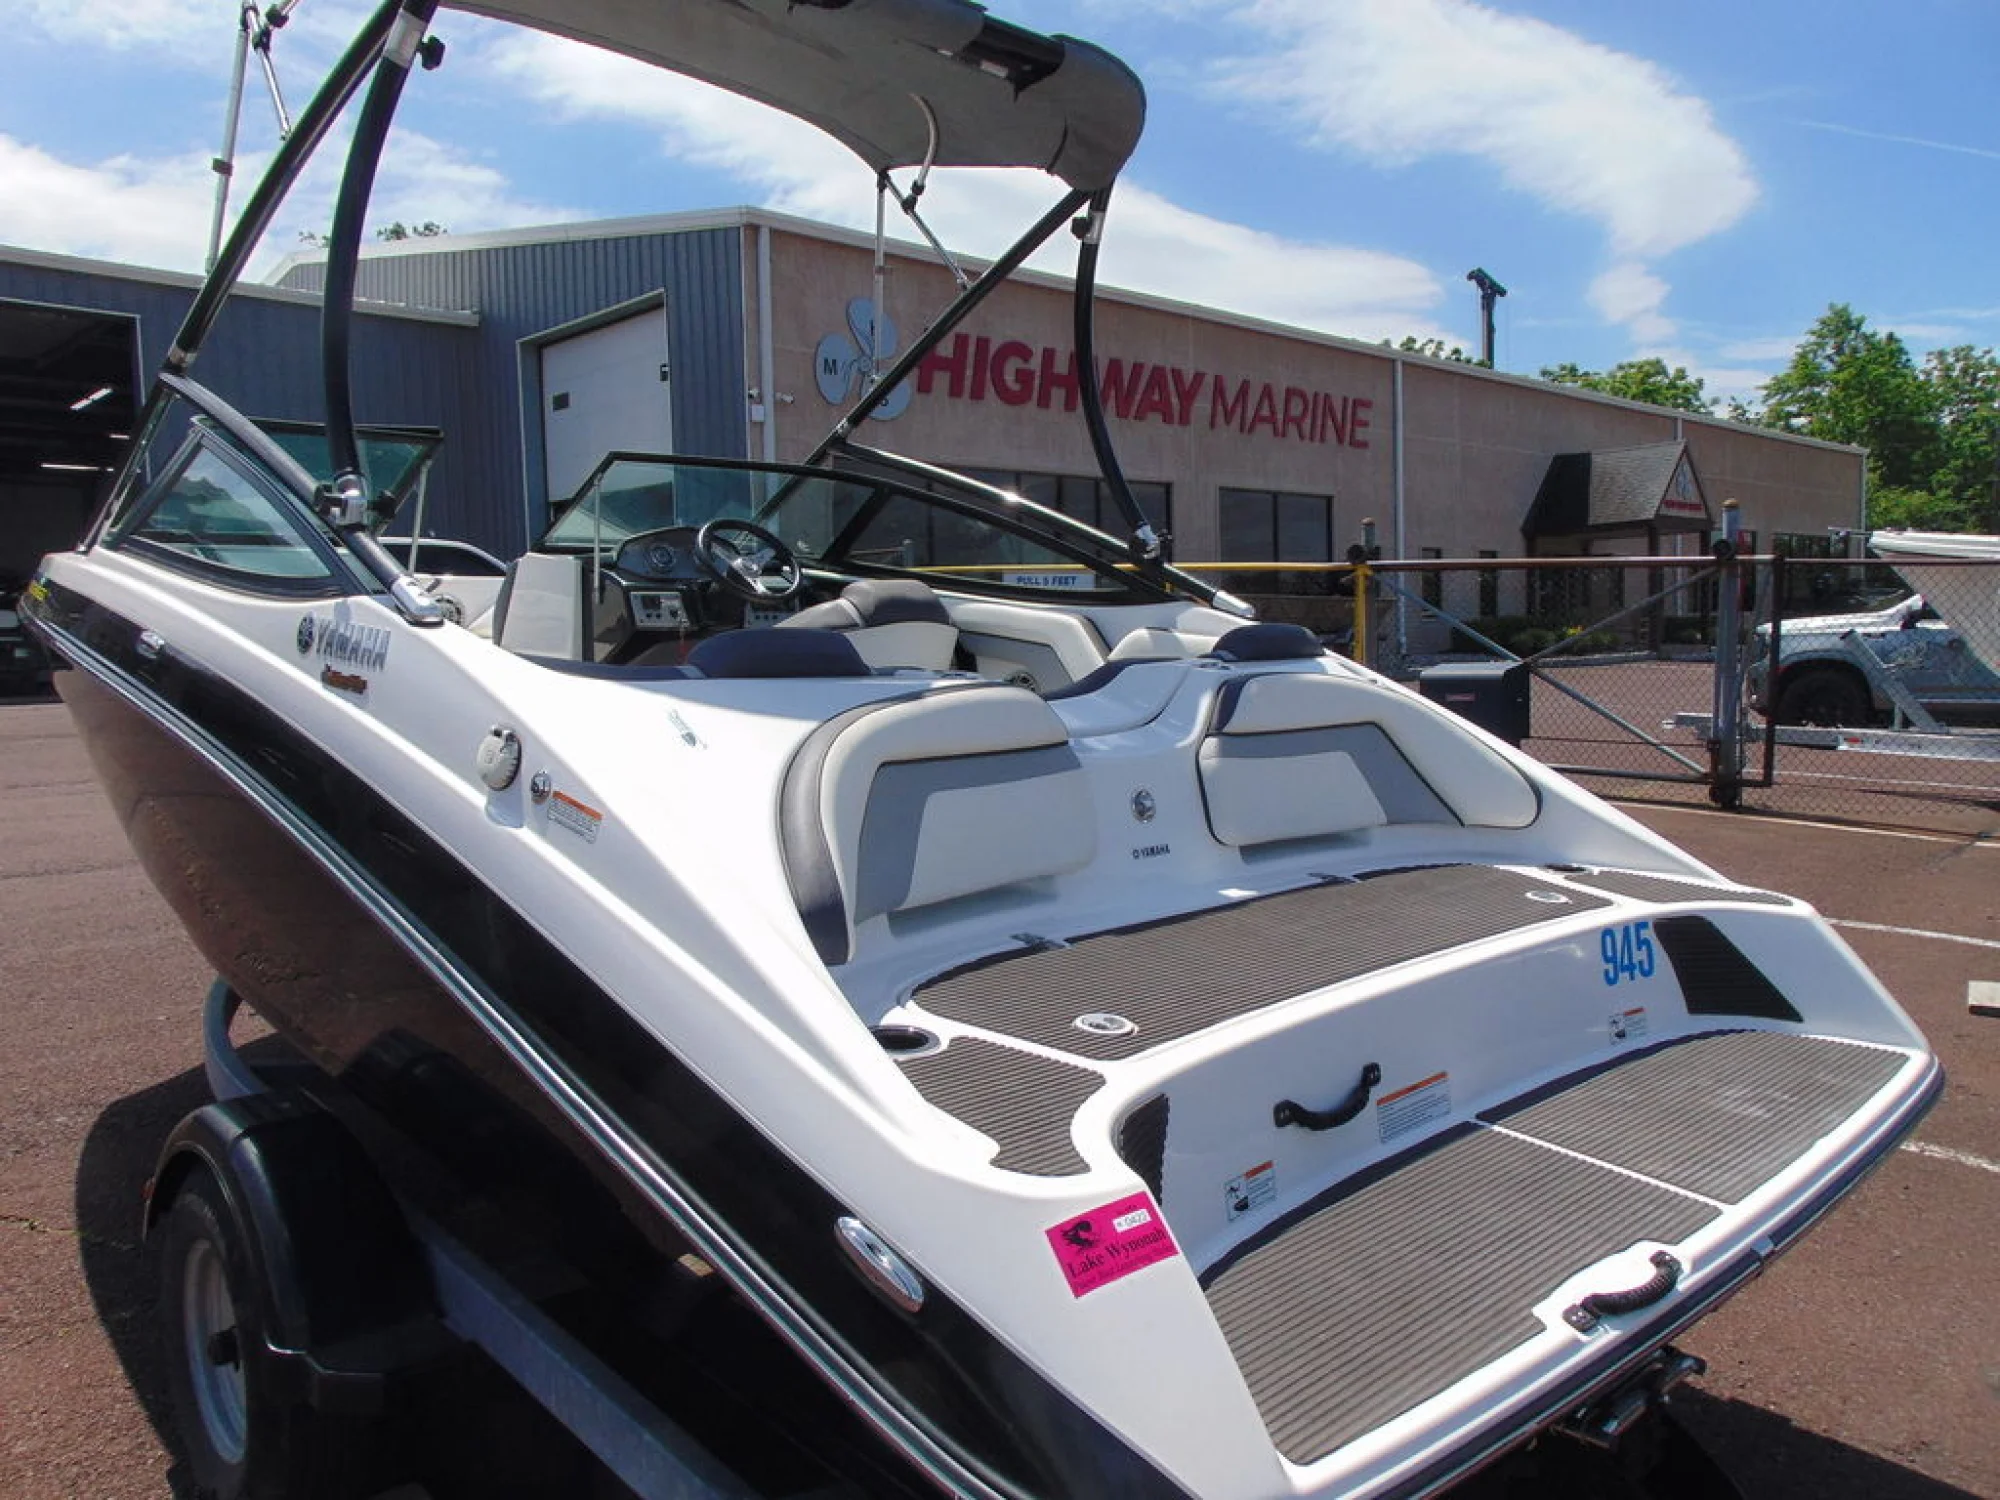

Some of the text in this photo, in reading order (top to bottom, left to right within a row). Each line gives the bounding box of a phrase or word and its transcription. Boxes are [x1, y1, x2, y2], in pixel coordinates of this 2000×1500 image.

[916, 332, 1374, 449] HIGHWAY MARINE
[315, 618, 392, 672] YAMAHA
[1601, 921, 1655, 986] 945
[1067, 1251, 1105, 1278] Lake

--

Work instructions >>
For the entries above, return an exact copy that omits the images.

Expected answer >>
Some of the text in this photo, in reading order (top to bottom, left to right within a row). Each line gives the bounding box of a phrase or word and its transcription. Boxes are [x1, y1, x2, y2], in pixel coordinates of this 2000×1500 image.

[916, 332, 1374, 449] HIGHWAY MARINE
[315, 618, 392, 672] YAMAHA
[1601, 921, 1655, 986] 945
[1067, 1251, 1105, 1278] Lake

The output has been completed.